一方の『六王権』はただ、それを凝視する。

「お前も逝ったのか『影』・・・わが影にして我が半身よ・・・結局お前にも『六師』にも捧げてくれた忠に対して十分な労いを与えてやる事は出来なかったか・・・このような愚劣な主君にお前達は・・・」

やや体が小刻みに震えている。

泣いているのかもしれない。

だが、そんな『六王権』の影にその影が潜り込んだ時その震えは止まった。

「そうか・・・そうであるな・・・お前達は全てを賭して私の為に戦ってくれた・・・それならば私がお前達に返してやれる労いはただ一つだけだな・・・」

二人の背筋に悪寒が走る。

「我に忠を捧げ尽くしてくれたお前達の為にも負けられぬ・・・来い『真なる死神』、そして・・・『剣の代理人』よ。
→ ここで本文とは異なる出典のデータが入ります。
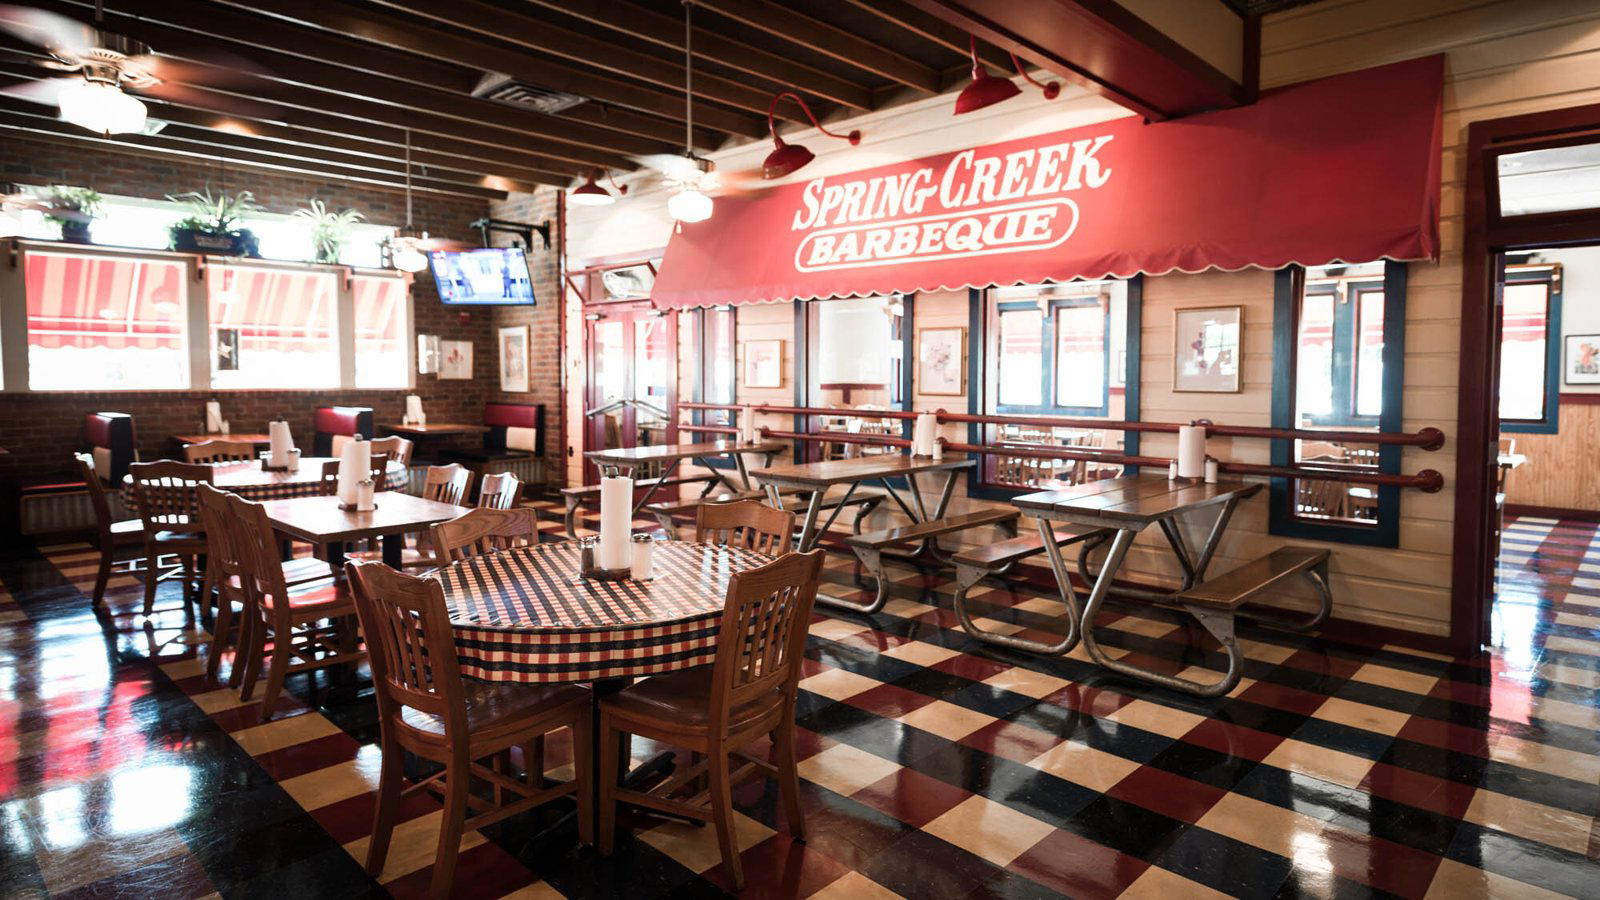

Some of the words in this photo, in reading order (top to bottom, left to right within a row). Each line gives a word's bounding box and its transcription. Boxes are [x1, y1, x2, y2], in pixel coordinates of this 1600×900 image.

[791, 168, 938, 231] SPRING
[939, 135, 1114, 208] CREEK
[807, 207, 1057, 266] BARBEQUE
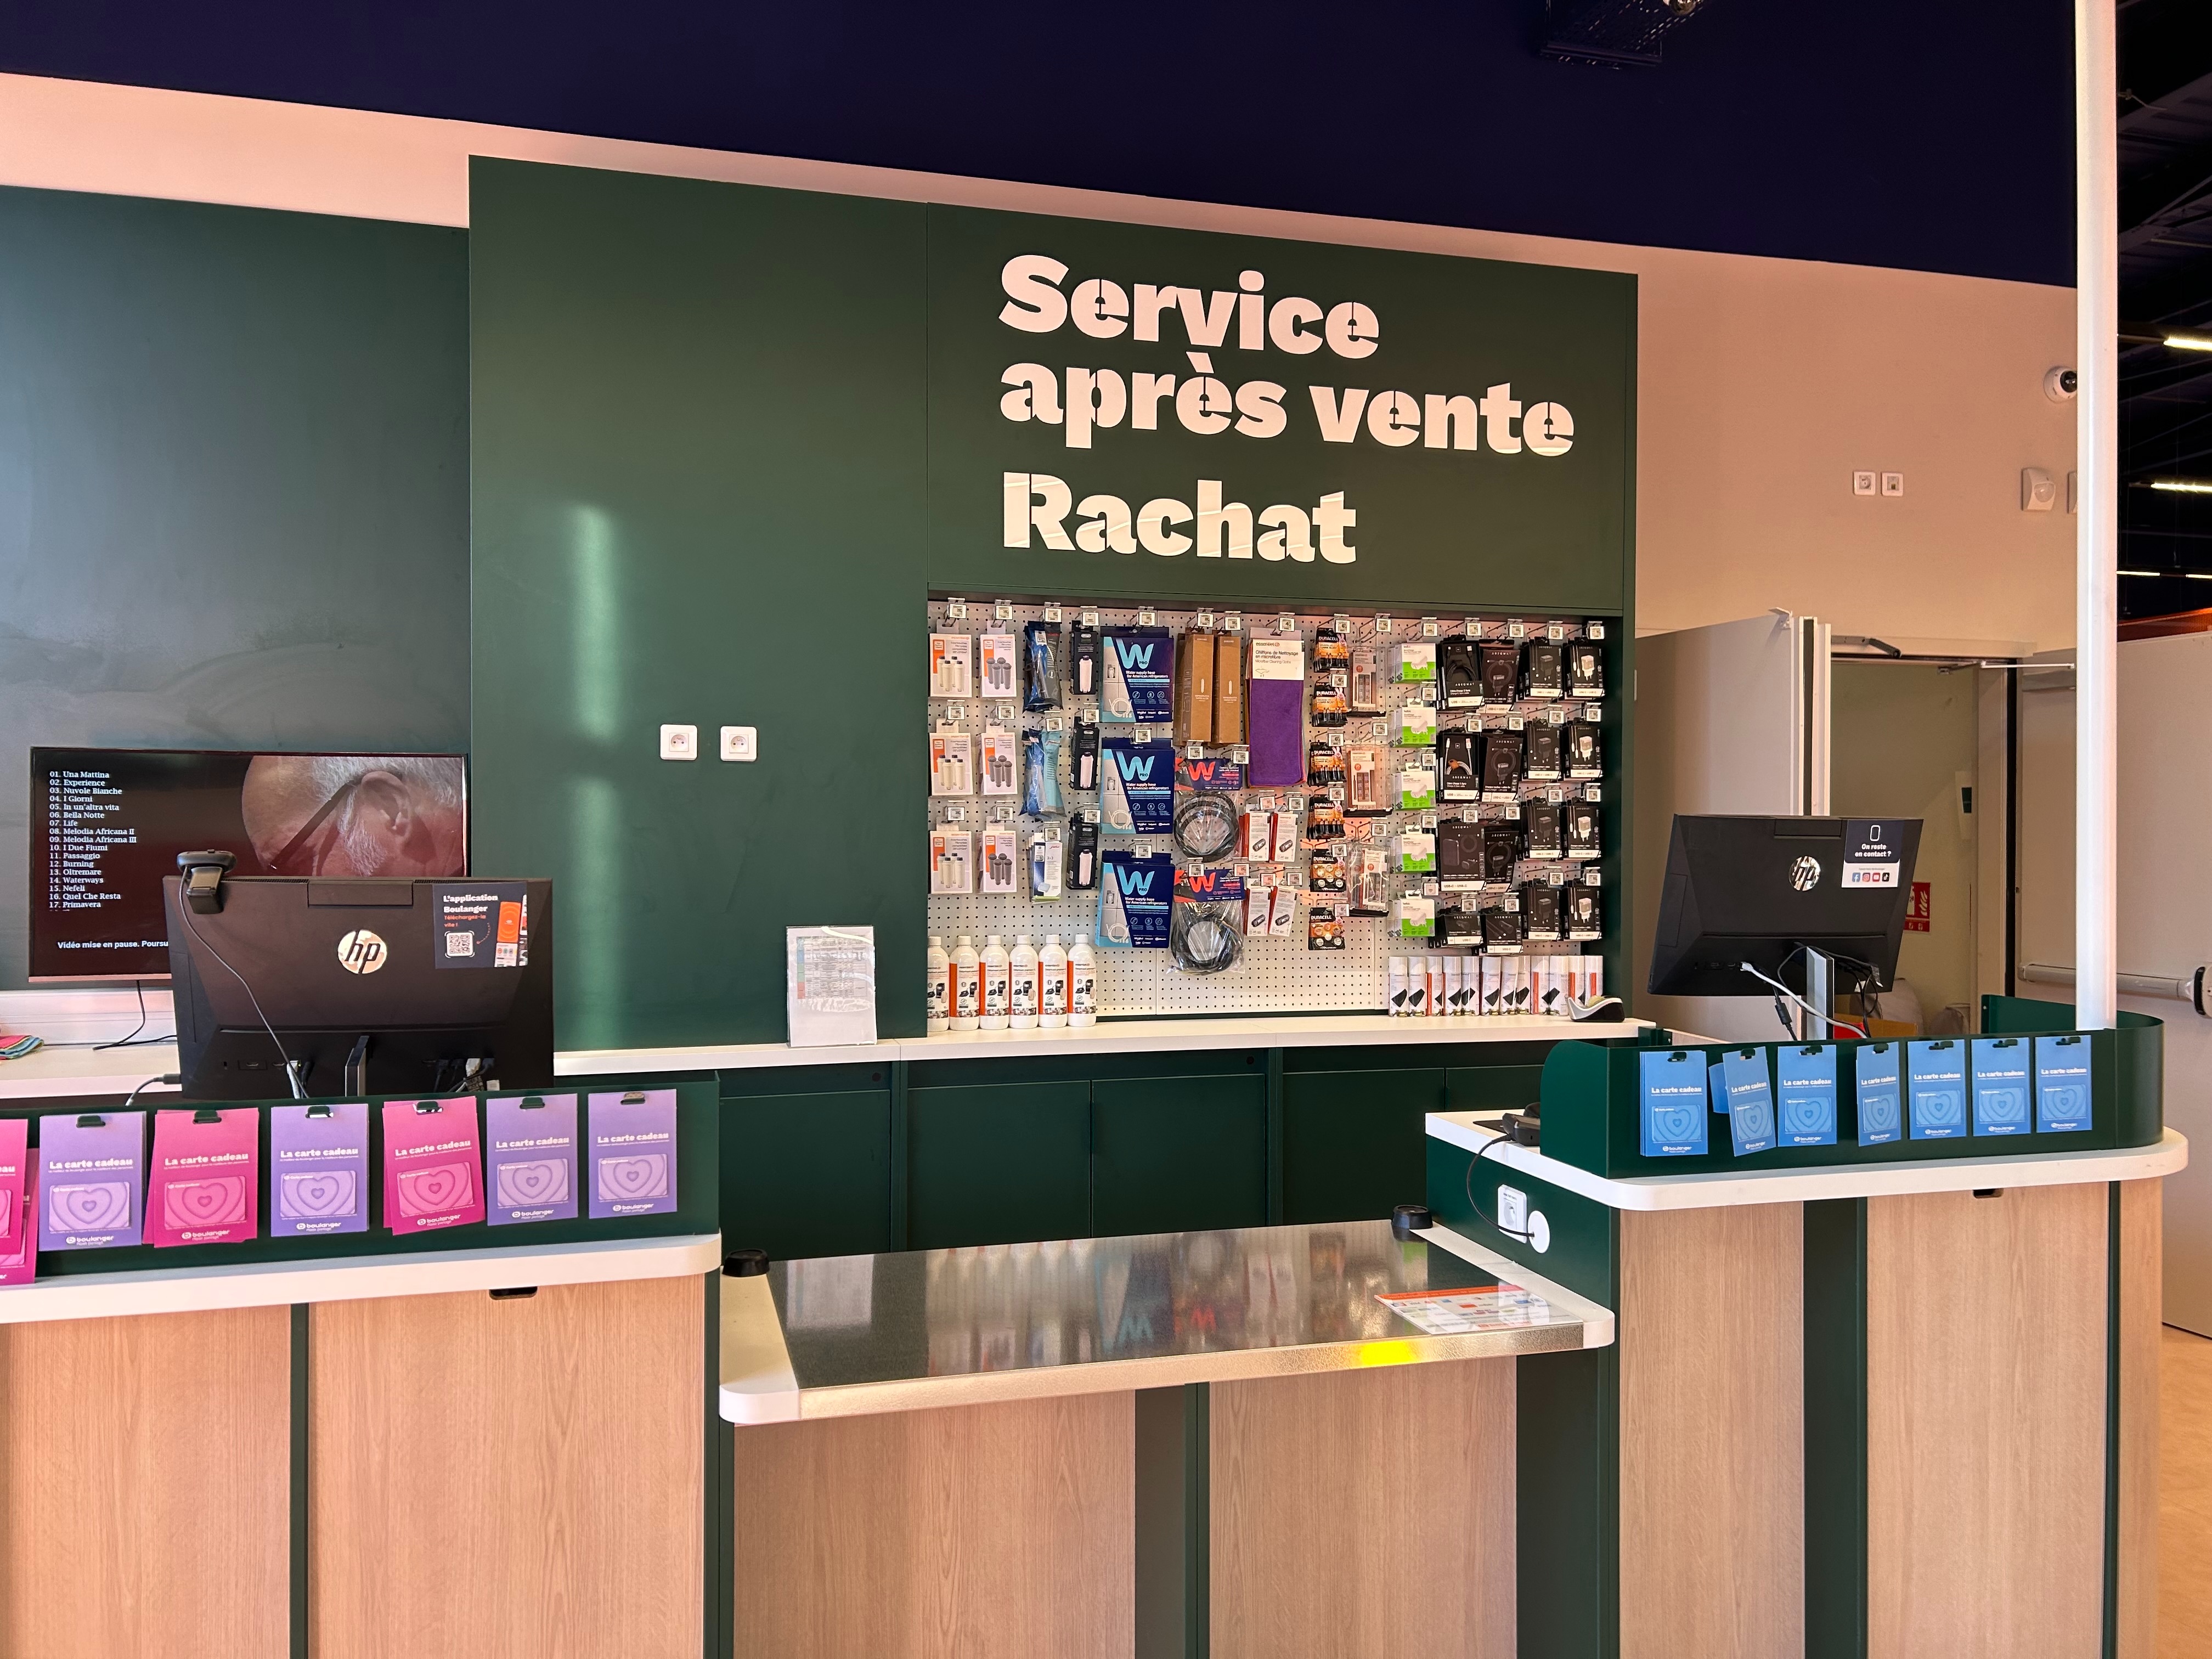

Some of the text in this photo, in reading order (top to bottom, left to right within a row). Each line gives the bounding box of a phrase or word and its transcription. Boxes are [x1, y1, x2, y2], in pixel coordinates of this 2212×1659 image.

[998, 254, 1379, 359] Service
[1000, 352, 1574, 456] après vente
[1003, 471, 1356, 564] Rachat
[1115, 639, 1154, 669] W
[1116, 751, 1155, 781] W
[1116, 865, 1155, 895] W
[443, 894, 498, 903] L'application
[443, 905, 488, 914] Boulanger
[340, 930, 384, 974] hp
[409, 1145, 435, 1154] carte
[437, 1141, 471, 1150] cadeau
[536, 1137, 569, 1145] cadeau
[180, 1156, 208, 1164] carte
[211, 1153, 249, 1161] cadeau
[323, 1148, 358, 1156] cadeau
[49, 1158, 133, 1169] La carte cadeau
[427, 1214, 461, 1223] boulanger
お前達をここで葬り、私は先を進む」

何かが変わった訳でもない。

だが、『六王権』の威圧がさらに膨れ上がった。

心なしか先程よりも大きく見える。

「志貴、文句言うかもしれないが手貸すぞ」

「あいつとは・・・さしで決着を付けたかったんだけどな・・・そんな個人的感情を優先出来ないか・・・士郎背中預けるぞ」

「ああ」

改めて志貴は『七ツ夜』を、士郎は『剣神より下賜されし報奨の剣(バウンティ・ソード)』をそれぞれ構え直す。

「では・・・行くぞ。お前達の屍をもって改めて人を・・・この星を腐らせる元凶を滅ぼす狼煙とする!」

同時に両者は対峙する。

『蒼黒戦争』最後の戦いはこの時、本当の開幕の鐘を鳴らした。